(Data listing Opens)

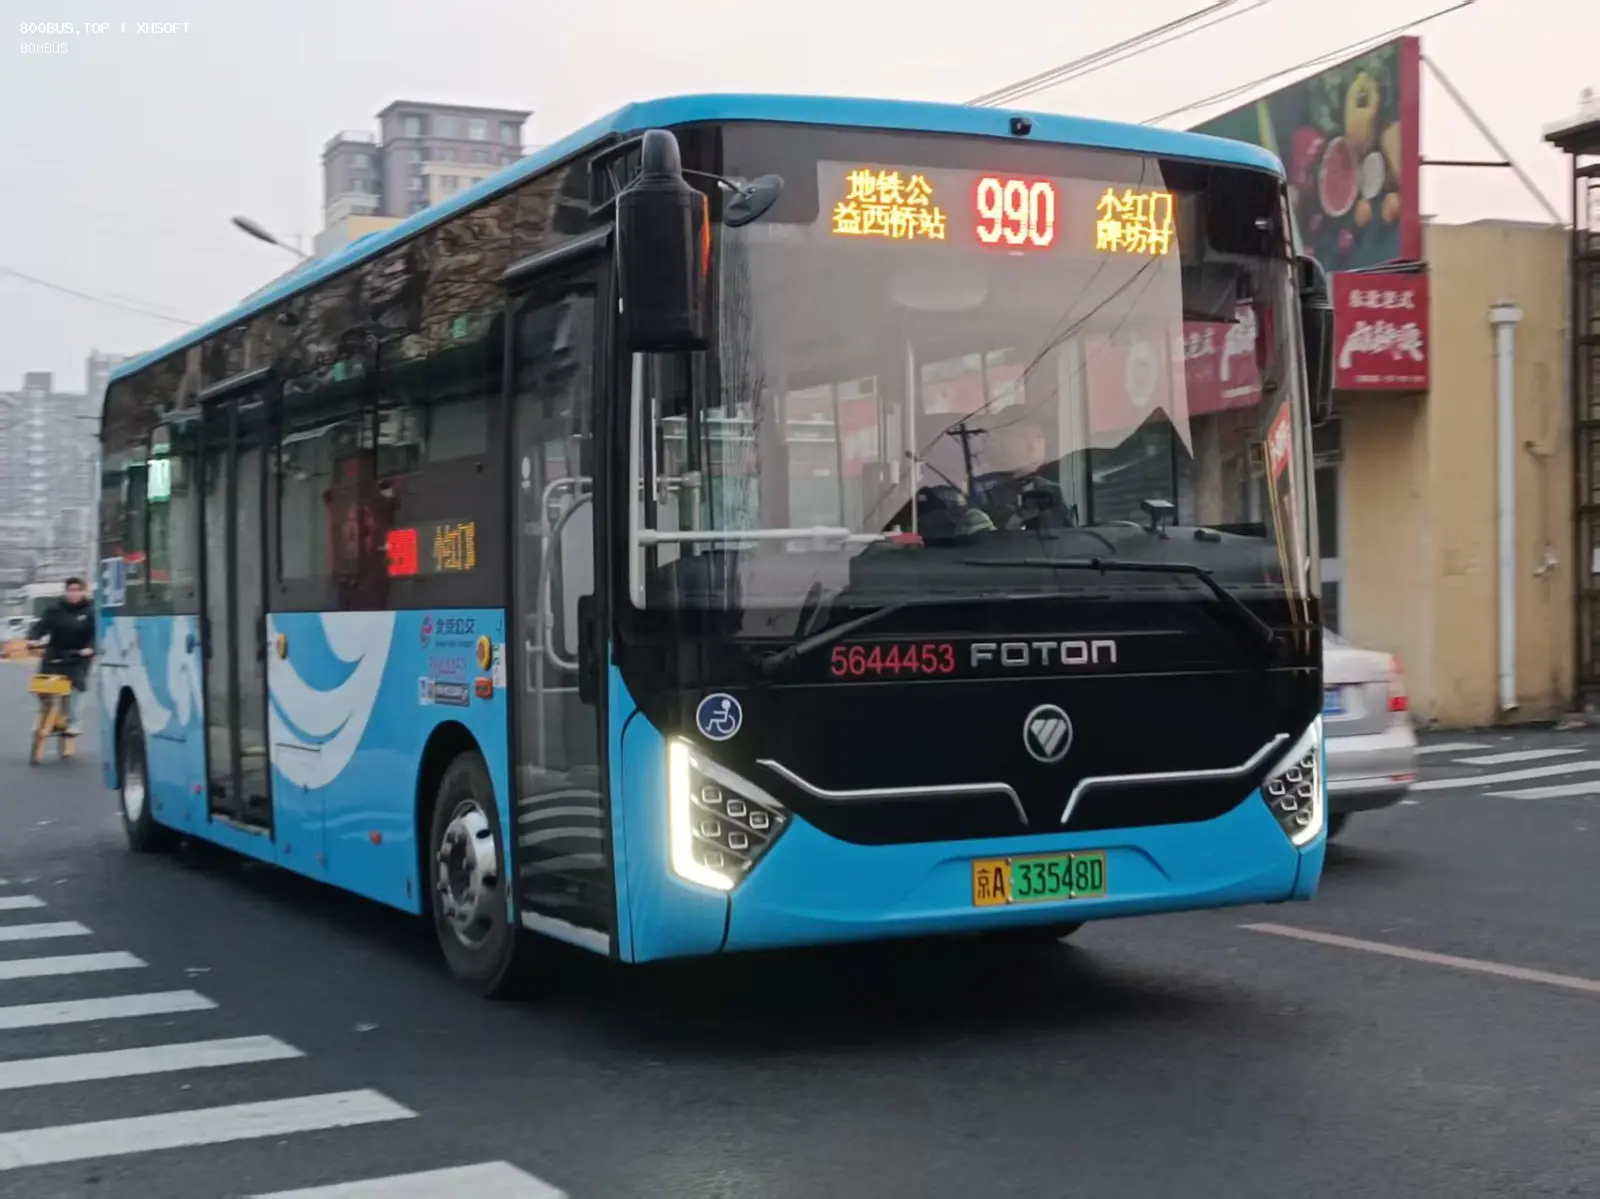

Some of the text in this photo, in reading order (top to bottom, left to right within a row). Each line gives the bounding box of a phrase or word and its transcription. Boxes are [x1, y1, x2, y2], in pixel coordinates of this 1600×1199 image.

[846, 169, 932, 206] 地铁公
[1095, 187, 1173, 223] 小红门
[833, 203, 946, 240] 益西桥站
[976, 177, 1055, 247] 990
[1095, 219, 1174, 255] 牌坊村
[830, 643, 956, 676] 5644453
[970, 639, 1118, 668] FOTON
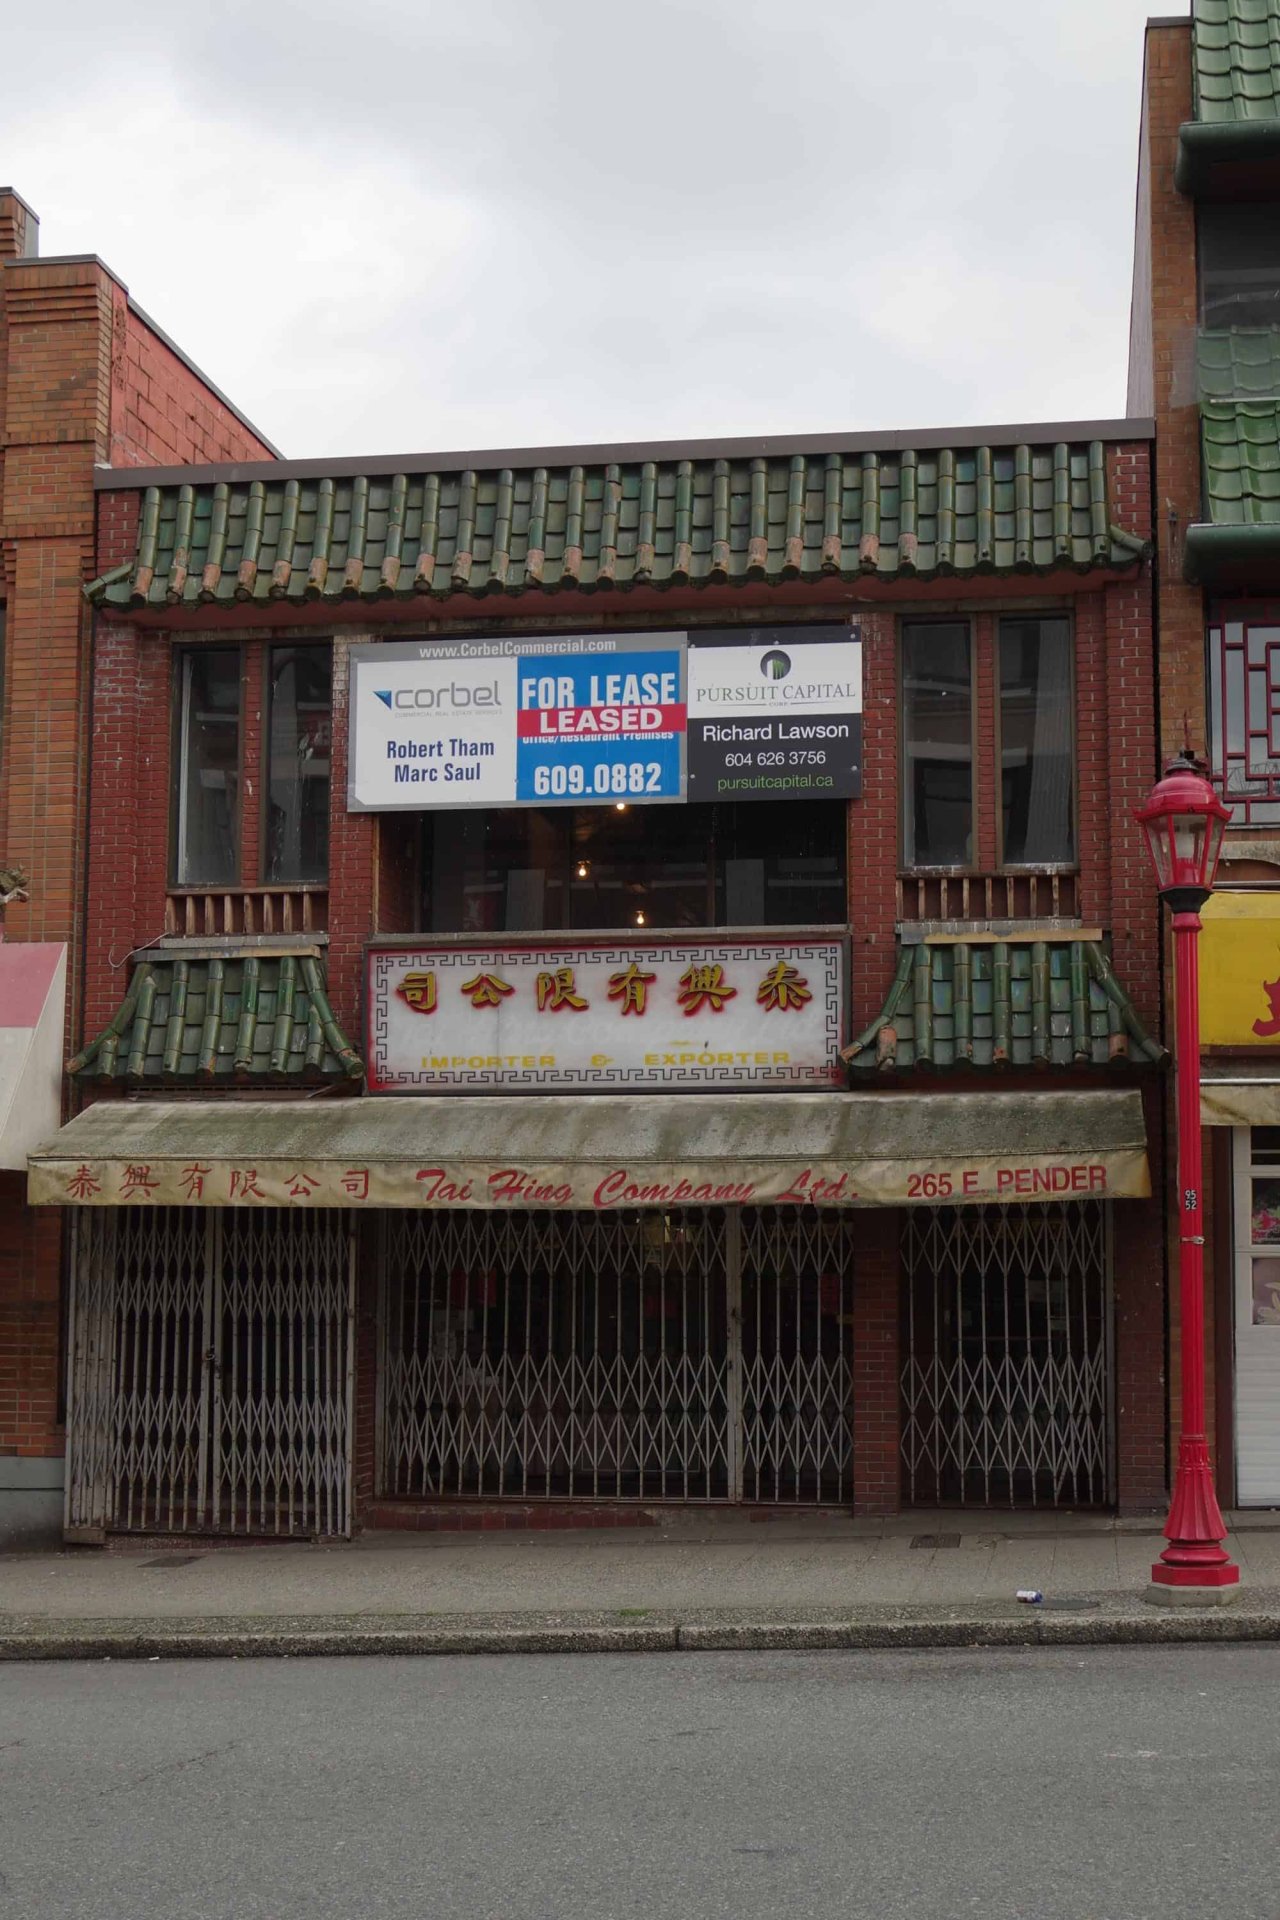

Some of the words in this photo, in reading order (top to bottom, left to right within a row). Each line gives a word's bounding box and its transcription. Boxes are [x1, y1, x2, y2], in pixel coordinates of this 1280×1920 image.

(Data listing Closes)
(Data listing Opens)

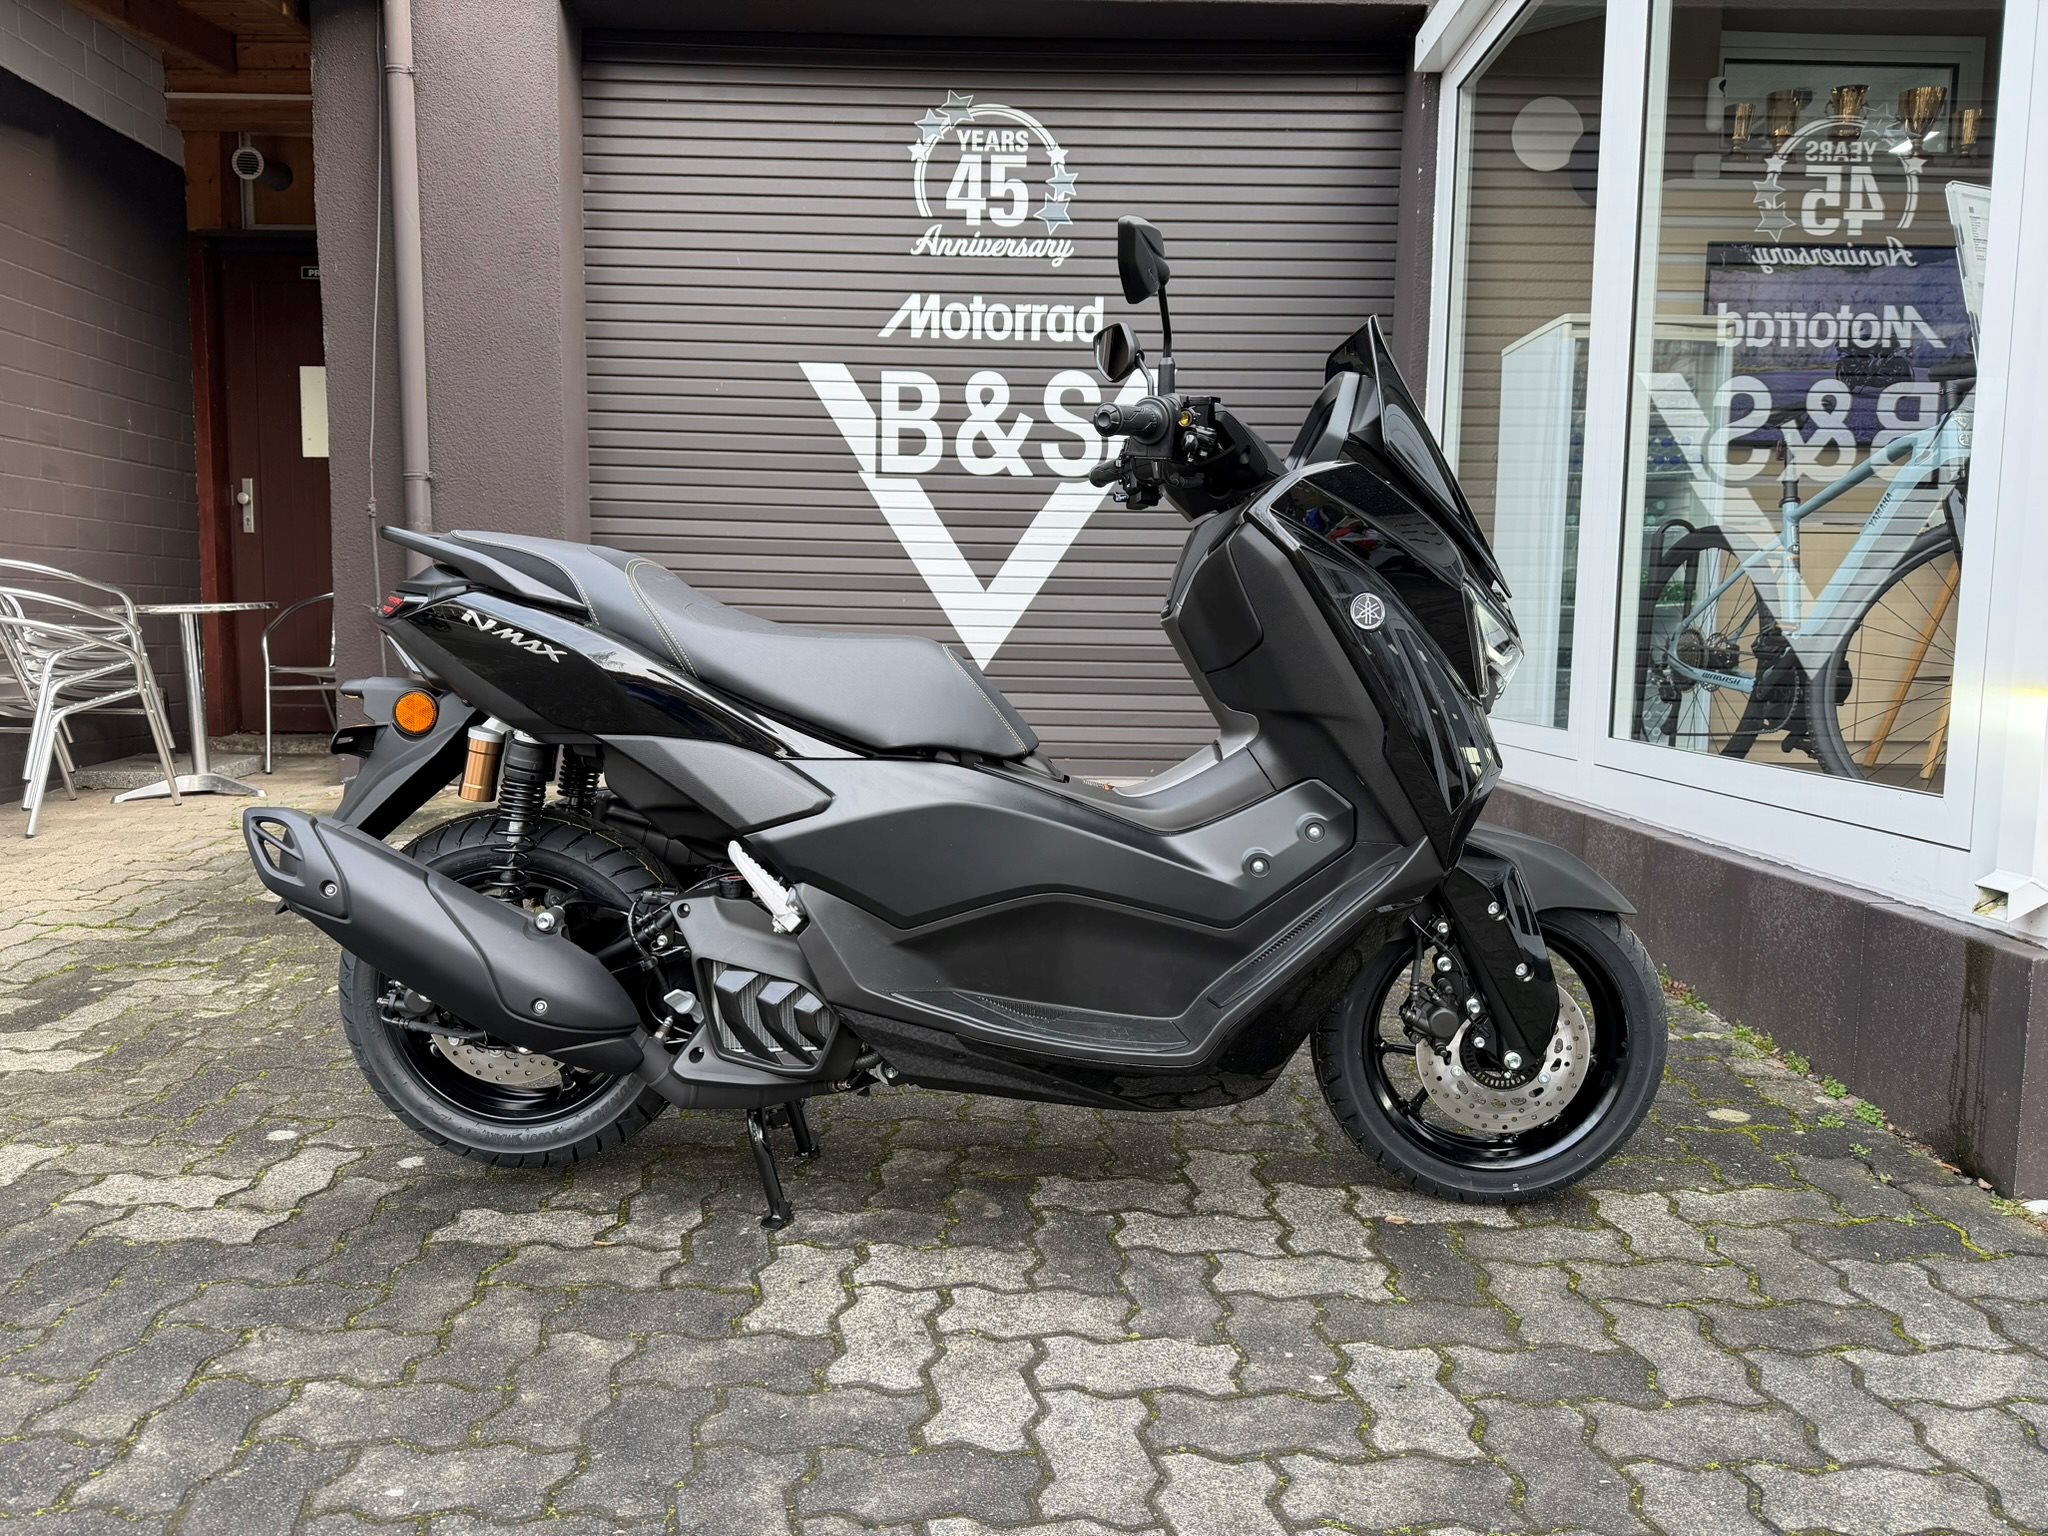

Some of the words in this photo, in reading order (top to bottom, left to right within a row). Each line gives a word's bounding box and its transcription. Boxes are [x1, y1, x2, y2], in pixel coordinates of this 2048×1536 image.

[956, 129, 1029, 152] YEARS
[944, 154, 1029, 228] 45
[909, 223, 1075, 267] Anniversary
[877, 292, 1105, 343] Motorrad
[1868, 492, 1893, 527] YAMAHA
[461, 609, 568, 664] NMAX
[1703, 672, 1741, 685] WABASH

(Data listing Closes)

(Try it): Among the entries above, take the line with "Some of the text", the line with "this 1280×1920 image.", and all the lines between them, and restate them word for word without pictures.

(Problem solution):
Some of the text in this photo, in reading order (top to bottom, left to right within a row). Each line gives the bounding box of a phrase or word and its transcription. Boxes are [x1, y1, x2, y2], in pixel coordinates of this 1600×1199 image.

[846, 169, 932, 206] 地铁公
[1095, 187, 1173, 223] 小红门
[833, 203, 946, 240] 益西桥站
[976, 177, 1055, 247] 990
[1095, 219, 1174, 255] 牌坊村
[830, 643, 956, 676] 5644453
[970, 639, 1118, 668] FOTON

Some of the words in this photo, in reading order (top to bottom, left to right within a row). Each line gives a word's bounding box and its transcription. Boxes are [x1, y1, x2, y2], in pixel coordinates of this 1280×1920 image.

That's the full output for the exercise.